ACTION ITEM
Repeat the data exactly, leaving out any image.

SUPPLIED RECORDS

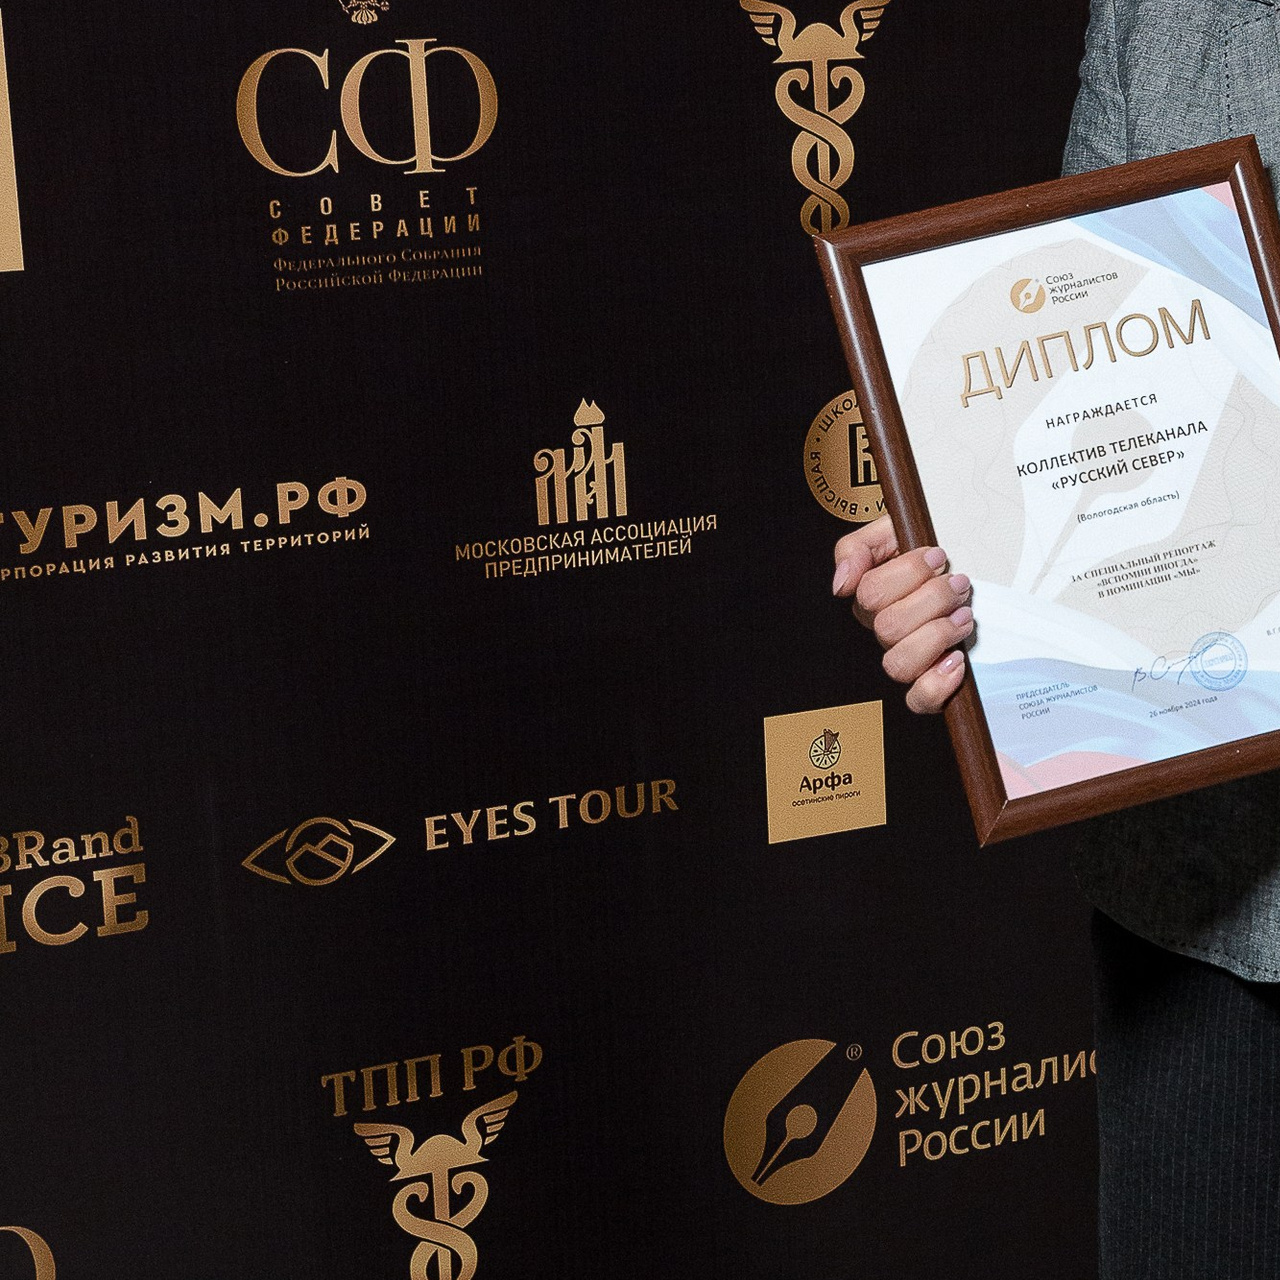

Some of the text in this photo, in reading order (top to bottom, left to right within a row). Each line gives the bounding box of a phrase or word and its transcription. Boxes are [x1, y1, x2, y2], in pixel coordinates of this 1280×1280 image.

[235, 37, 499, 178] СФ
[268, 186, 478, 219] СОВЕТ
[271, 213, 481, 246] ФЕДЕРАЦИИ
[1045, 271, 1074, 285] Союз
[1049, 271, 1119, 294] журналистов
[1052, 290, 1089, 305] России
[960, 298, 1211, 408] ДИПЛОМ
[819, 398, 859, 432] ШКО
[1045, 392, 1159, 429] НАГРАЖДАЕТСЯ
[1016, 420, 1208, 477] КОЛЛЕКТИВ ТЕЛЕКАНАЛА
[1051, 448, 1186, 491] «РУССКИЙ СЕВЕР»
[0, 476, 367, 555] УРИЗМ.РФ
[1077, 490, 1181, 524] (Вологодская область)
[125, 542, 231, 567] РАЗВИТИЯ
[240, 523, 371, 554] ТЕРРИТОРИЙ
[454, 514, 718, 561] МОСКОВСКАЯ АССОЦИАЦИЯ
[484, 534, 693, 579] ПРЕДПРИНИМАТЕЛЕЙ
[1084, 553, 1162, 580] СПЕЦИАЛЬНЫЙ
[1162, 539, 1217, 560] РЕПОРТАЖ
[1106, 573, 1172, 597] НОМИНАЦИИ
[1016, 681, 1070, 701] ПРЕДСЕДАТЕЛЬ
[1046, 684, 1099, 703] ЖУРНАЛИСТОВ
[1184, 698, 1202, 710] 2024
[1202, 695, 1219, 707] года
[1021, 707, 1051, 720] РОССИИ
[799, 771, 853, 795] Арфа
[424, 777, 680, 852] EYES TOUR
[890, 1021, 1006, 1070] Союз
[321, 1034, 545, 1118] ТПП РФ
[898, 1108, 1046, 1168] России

ANSWER SECTION
Some of the text in this photo, in reading order (top to bottom, left to right within a row). Each line gives the bounding box of a phrase or word and its transcription. Boxes are [x1, y1, x2, y2], in pixel coordinates of this 1280×1280 image.

[235, 37, 499, 178] СФ
[268, 186, 478, 219] СОВЕТ
[271, 213, 481, 246] ФЕДЕРАЦИИ
[1045, 271, 1074, 285] Союз
[1049, 271, 1119, 294] журналистов
[1052, 290, 1089, 305] России
[960, 298, 1211, 408] ДИПЛОМ
[819, 398, 859, 432] ШКО
[1045, 392, 1159, 429] НАГРАЖДАЕТСЯ
[1016, 420, 1208, 477] КОЛЛЕКТИВ ТЕЛЕКАНАЛА
[1051, 448, 1186, 491] «РУССКИЙ СЕВЕР»
[0, 476, 367, 555] УРИЗМ.РФ
[1077, 490, 1181, 524] (Вологодская область)
[125, 542, 231, 567] РАЗВИТИЯ
[240, 523, 371, 554] ТЕРРИТОРИЙ
[454, 514, 718, 561] МОСКОВСКАЯ АССОЦИАЦИЯ
[484, 534, 693, 579] ПРЕДПРИНИМАТЕЛЕЙ
[1084, 553, 1162, 580] СПЕЦИАЛЬНЫЙ
[1162, 539, 1217, 560] РЕПОРТАЖ
[1106, 573, 1172, 597] НОМИНАЦИИ
[1016, 681, 1070, 701] ПРЕДСЕДАТЕЛЬ
[1046, 684, 1099, 703] ЖУРНАЛИСТОВ
[1184, 698, 1202, 710] 2024
[1202, 695, 1219, 707] года
[1021, 707, 1051, 720] РОССИИ
[799, 771, 853, 795] Арфа
[424, 777, 680, 852] EYES TOUR
[890, 1021, 1006, 1070] Союз
[321, 1034, 545, 1118] ТПП РФ
[898, 1108, 1046, 1168] России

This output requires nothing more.